Energy prices are expected to average more than one-third higher this year than in 2020, with oil averaging $56 a barrel. Metal prices are expected to climb 30 percent; and agricultural prices are forecast to rise almost 14 percent. Almost all commodity prices are now above pre-pandemic levels, driven by the upsurge in economic activity, as well as some specific supply factors, particularly for oil, copper, and some food commodities.

“Global growth has been stronger than expected so far and vaccination campaigns are underway, and these trends have buoyed commodity prices. However, the durability of the recovery is highly uncertain,” said Ayhan Kose, World Bank Group Acting Vice President for Equitable Growth, Finance & Institutions and Director of the Prospects Group. “Emerging market and developing economies, both commodity exporters and importers, should strengthen their short-term resilience and prepare for the possibility of growth losing momentum.”

Crude oil prices rebounded from record lows reached during the pandemic, supported by a rapid global economic recovery and continued production cuts by the Organization of the Petroleum Exporting Countries (OPEC) and its partners. Demand is expected to firm over 2021 as vaccines become widely available, especially in advanced economies, pandemic restrictions are eased, and the global recovery is sustained. Prices are expected to average $60 a barrel in 2022. However, if pandemic containment falters, a further deterioration in demand could put pressure on prices.

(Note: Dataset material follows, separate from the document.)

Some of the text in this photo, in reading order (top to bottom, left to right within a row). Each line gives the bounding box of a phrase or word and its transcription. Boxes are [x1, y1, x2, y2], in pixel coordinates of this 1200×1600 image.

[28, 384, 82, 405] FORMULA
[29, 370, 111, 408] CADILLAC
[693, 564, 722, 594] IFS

Metal prices are expected to give back some of this year’s gains as stimulus-driven growth fades in 2022. A faster-than expected withdrawal of stimulus by some major emerging market economies could pose a downside risk to prices; however, a major infrastructure program in the United States could support prices for metals, including aluminum, copper, and iron ore. An intensification of the global energy transition to decarbonization could further strengthen demand for metals.

Agricultural prices have risen substantially this year, particularly for food commodities, driven by supply shortfalls in South America and strong demand from China. However, most global food commodity markets remain adequately supplied by historical standards, and prices are expected to stabilize in 2022.

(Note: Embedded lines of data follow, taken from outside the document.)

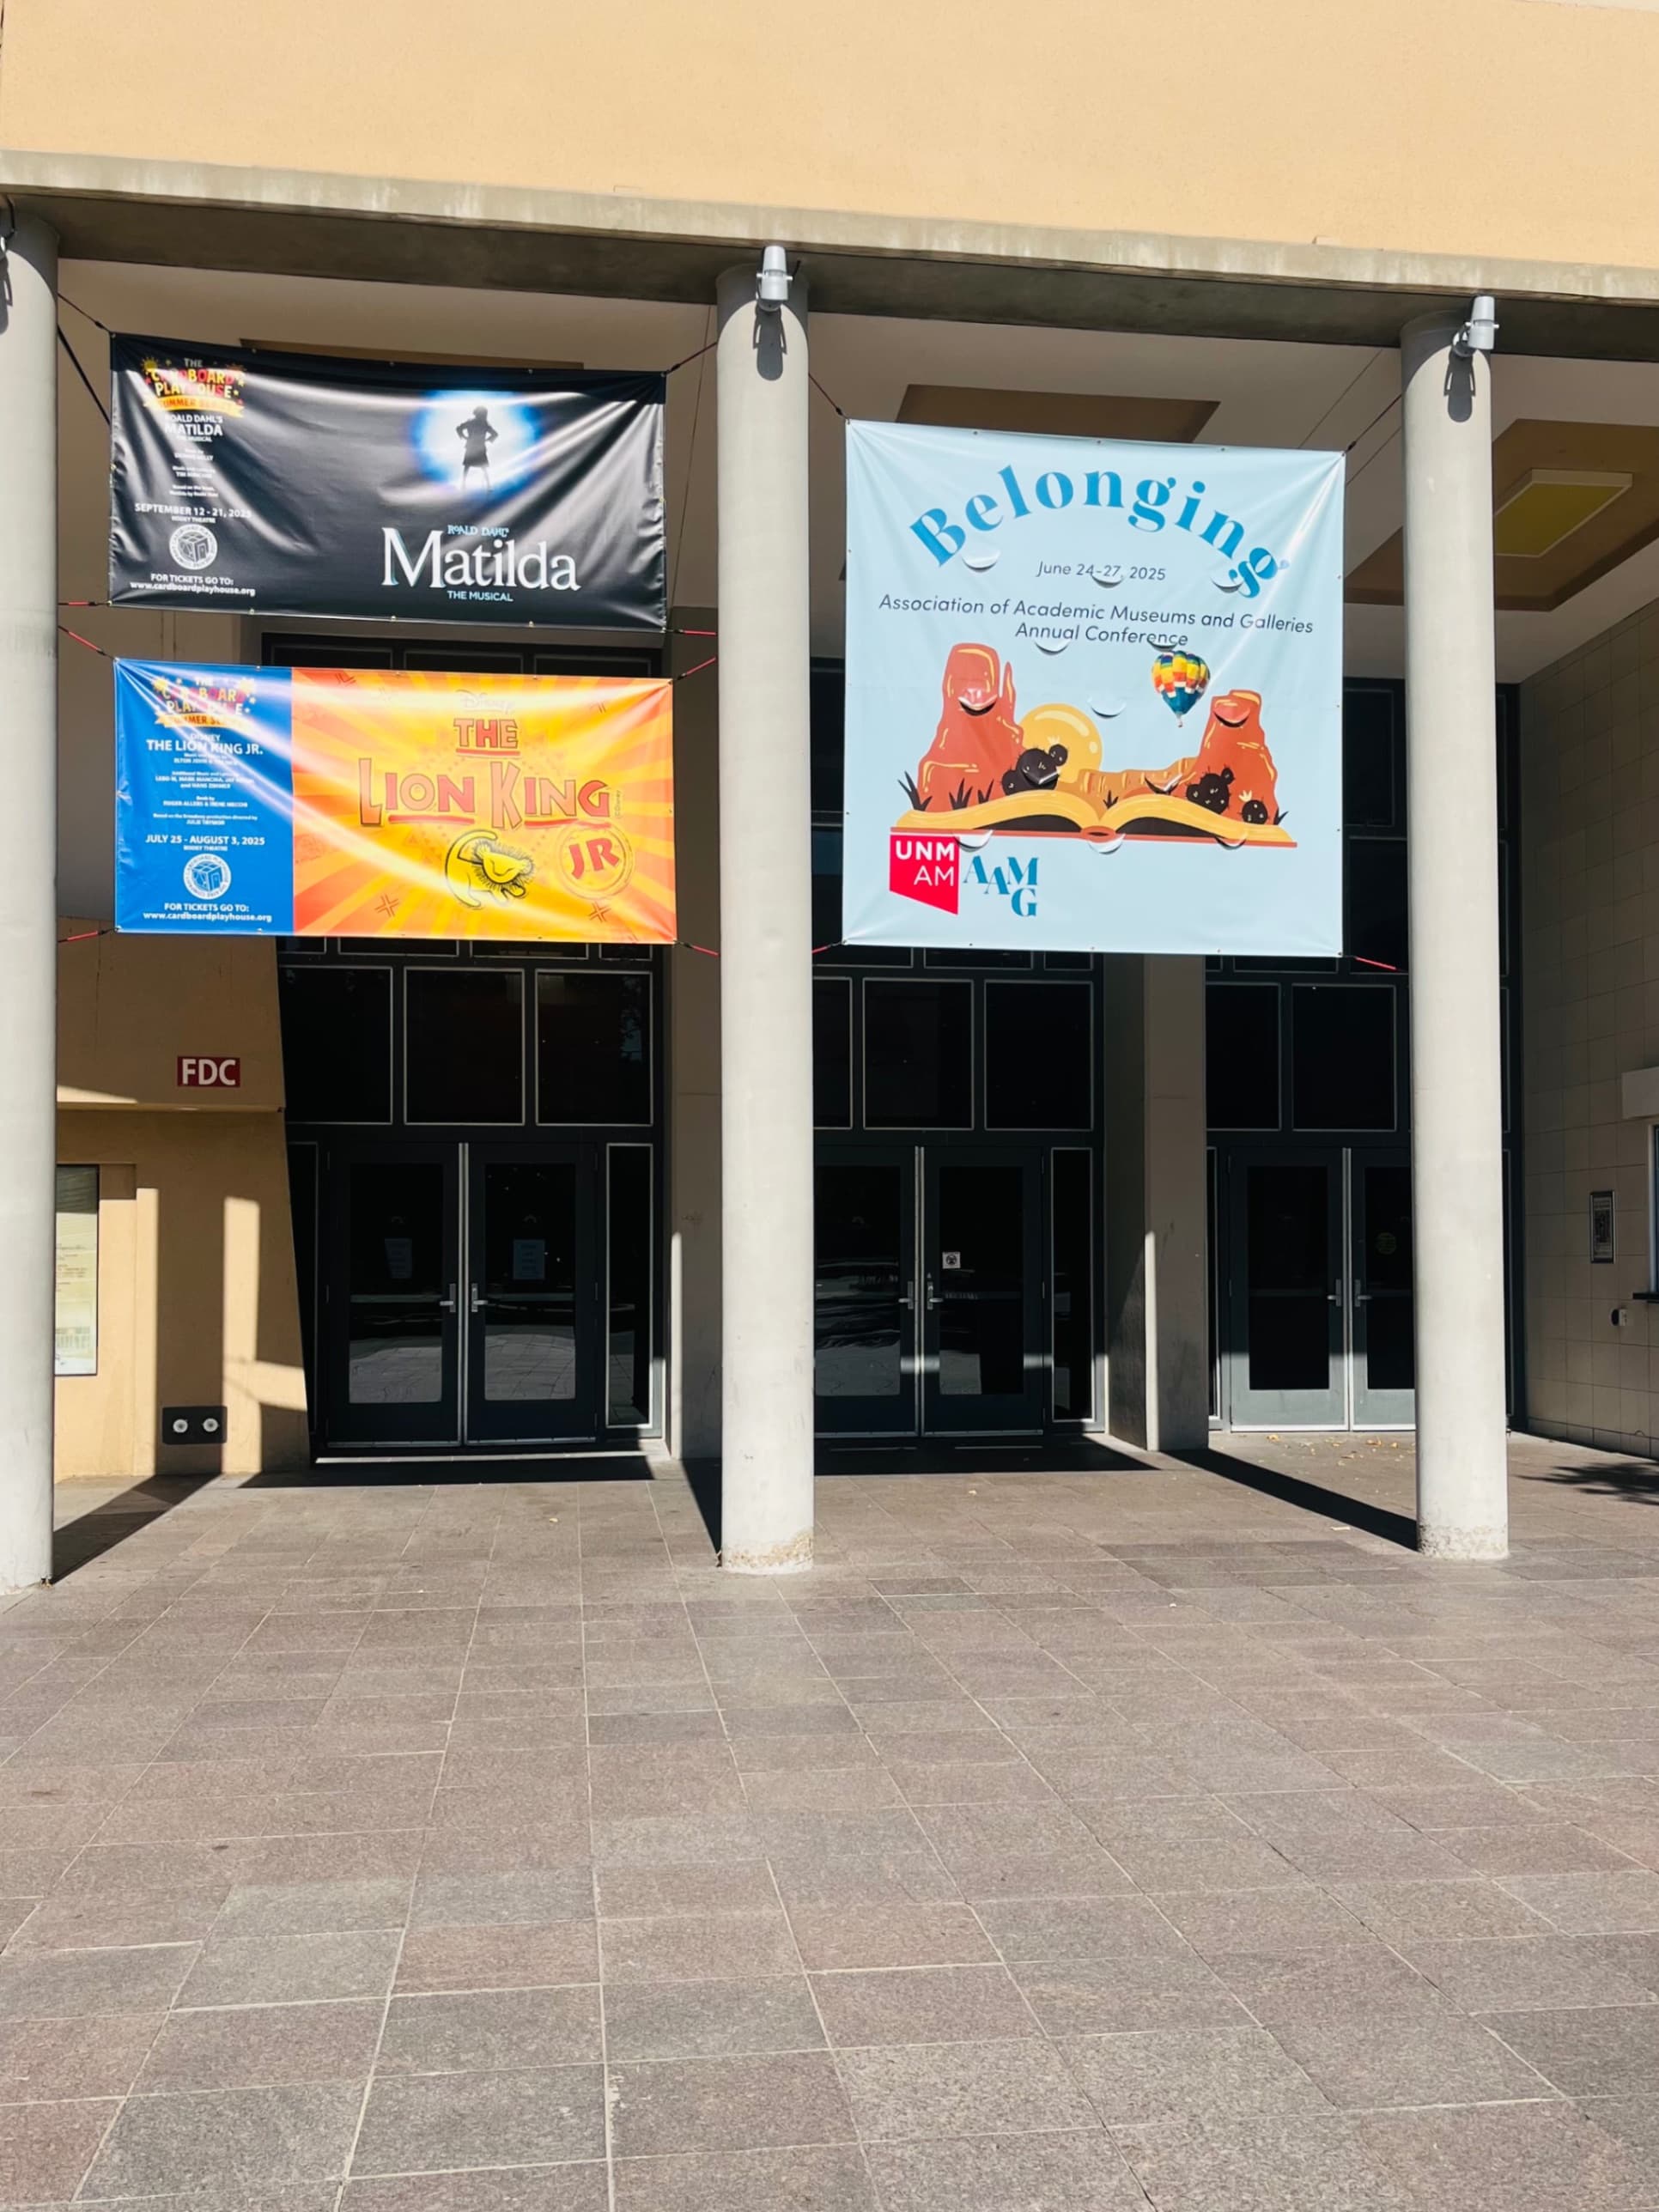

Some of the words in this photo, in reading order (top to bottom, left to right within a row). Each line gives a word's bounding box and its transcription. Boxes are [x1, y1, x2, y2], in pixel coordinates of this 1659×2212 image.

[183, 357, 203, 368] THE
[151, 368, 235, 385] CDBOARD
[155, 381, 233, 398] PLAYOUSE
[165, 414, 192, 422] OALD
[165, 423, 222, 436] MATILDA
[135, 503, 191, 514] SEPTEMBER
[212, 508, 227, 518] 21,
[447, 525, 477, 535] ROALD
[909, 465, 1289, 599] Belonging
[381, 527, 581, 591] Matilda
[150, 573, 168, 581] FOR
[170, 574, 204, 584] TICKETS
[205, 575, 218, 584] GO
[220, 576, 234, 585] TO:
[1036, 561, 1071, 578] June
[1130, 566, 1166, 581] 2025
[131, 581, 256, 596] www.cardboardplayhouse.org
[447, 590, 467, 599] THE
[469, 592, 514, 602] MUSICAL
[878, 593, 984, 614] Association
[990, 599, 1011, 614] of
[1013, 600, 1105, 619] Academic
[1110, 605, 1196, 625] Museums
[1201, 613, 1235, 629] and
[1240, 613, 1314, 634] Galleries
[1015, 622, 1079, 640] Annual
[1085, 624, 1188, 647] Conference
[162, 686, 246, 703] CBOARD
[453, 718, 520, 750] THE
[146, 739, 173, 751] THE
[175, 739, 207, 752] LION
[210, 742, 242, 755] KING
[246, 743, 264, 756] JR.
[358, 758, 475, 827] LION
[490, 762, 611, 830] KING
[145, 835, 168, 843] JULY
[170, 835, 182, 844] 25
[190, 836, 229, 845] AUGUST
[231, 836, 240, 846] 3,
[242, 836, 265, 846] 2025
[568, 837, 619, 879] JR
[896, 840, 955, 861] UNM
[914, 865, 955, 887] AM
[164, 902, 182, 911] FOR
[184, 903, 218, 912] TICKETS
[143, 912, 272, 923] www.cardboardplayhouse.org
[182, 1058, 236, 1085] FDC

While global food commodity prices have remained stable recently, emerging evidence continues to confirm the effects of COVID-19 on food insecurity that are expected to continue through 2021 and 2022. An increasing number of countries are facing growing levels of acute food insecurity, reversing years of development gains.

“Although food commodity markets are well supplied globally, COVID-19 has severely impacted local labor and food markets around the world, reducing incomes, disrupting supply chains and intensifying food and nutrition security issues that were present even before the pandemic struck,” Kose said. “It is high time for policymakers to address the underlying sources of food insecurity.”

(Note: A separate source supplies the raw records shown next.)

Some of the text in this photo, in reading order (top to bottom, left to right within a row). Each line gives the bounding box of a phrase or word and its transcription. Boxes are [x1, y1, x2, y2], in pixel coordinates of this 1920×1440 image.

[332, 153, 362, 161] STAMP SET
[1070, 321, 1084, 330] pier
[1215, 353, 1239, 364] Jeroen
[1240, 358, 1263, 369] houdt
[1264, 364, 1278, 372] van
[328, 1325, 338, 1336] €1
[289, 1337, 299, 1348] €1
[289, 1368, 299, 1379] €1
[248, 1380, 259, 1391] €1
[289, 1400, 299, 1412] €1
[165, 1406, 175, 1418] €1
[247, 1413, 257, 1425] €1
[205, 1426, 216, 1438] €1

A Special Focus section investigates the impact of sharp changes in metal prices on metal-exporting countries. Metals, especially copper and aluminum are a major source of export revenue for 35 percent of emerging market and developing economies, with important implications for economic growth, macroeconomic stability, and, hence, poverty reduction. As metal prices are primarily driven by global demand, these countries can be particularly hard-hit by global recessions, which can trigger both a drop in metal prices and export revenue. Windfall revenues from high metal prices, which tend to be short-lived, should therefore be set aside in anticipation of the longer-lasting negative effects of price collapses that would warrant policy support.

“Metal price shocks are primarily driven by external demand factors, such as global recessions and recoveries,” said World Bank Senior Economist John Baffes. “During a recession, metal exporters may be hurt by both the broader downturn as well as a collapse in prices. Output losses associated with price drops are greater than the gains from price increases, and policymakers should prepare accordingly.”